(Stored data entries)
********************
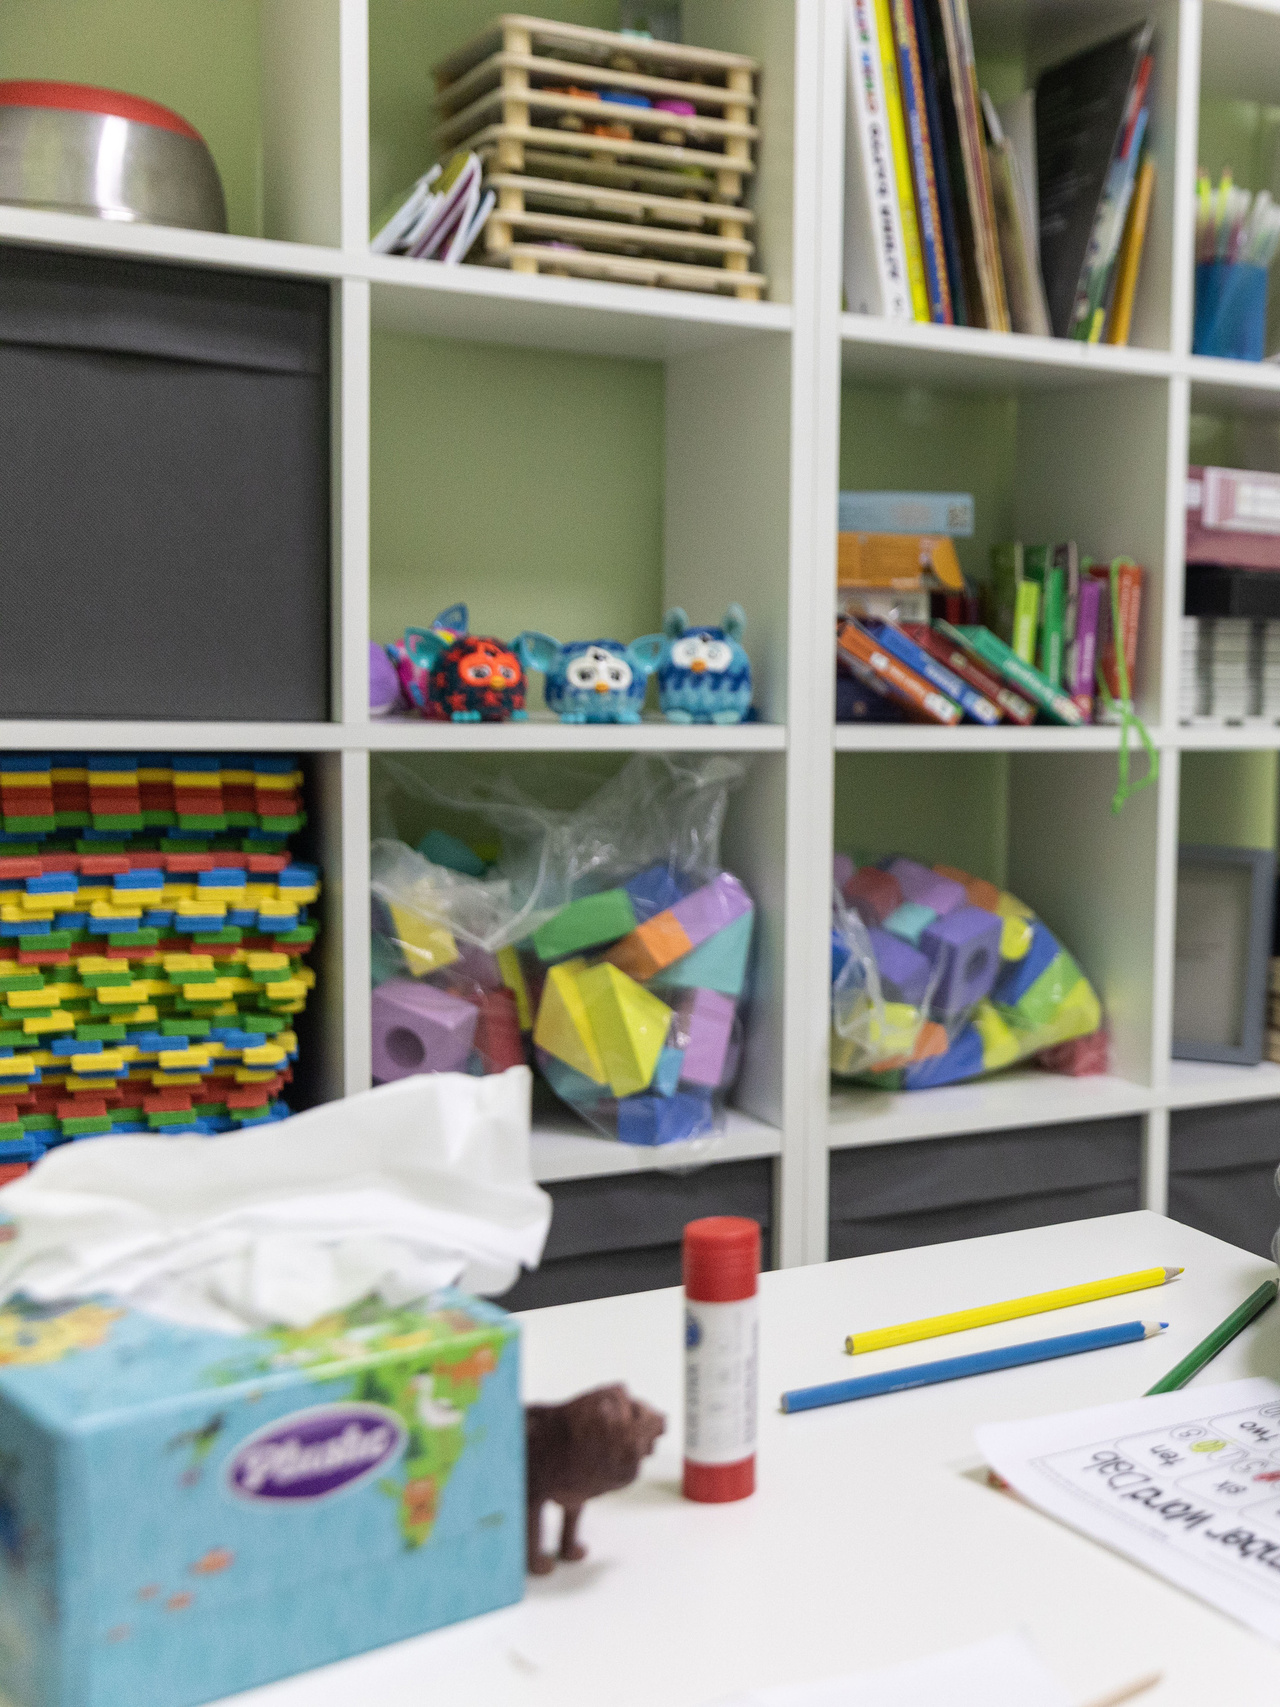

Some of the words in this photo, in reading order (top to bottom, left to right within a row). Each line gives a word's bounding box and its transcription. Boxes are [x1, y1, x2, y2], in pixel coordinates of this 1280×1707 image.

[1239, 1420, 1280, 1443] two
[1150, 1443, 1185, 1467] ten
[1083, 1450, 1152, 1489] Dab
[1214, 1477, 1248, 1494] six
[1120, 1487, 1214, 1530] Word
********************
# EXERCISE
Output the data above exactly; pictures do not belong in the copy.

# ANSWER TO THIS TASK
Some of the words in this photo, in reading order (top to bottom, left to right within a row). Each line gives a word's bounding box and its transcription. Boxes are [x1, y1, x2, y2], in pixel coordinates of this 1280×1707 image.

[1239, 1420, 1280, 1443] two
[1150, 1443, 1185, 1467] ten
[1083, 1450, 1152, 1489] Dab
[1214, 1477, 1248, 1494] six
[1120, 1487, 1214, 1530] Word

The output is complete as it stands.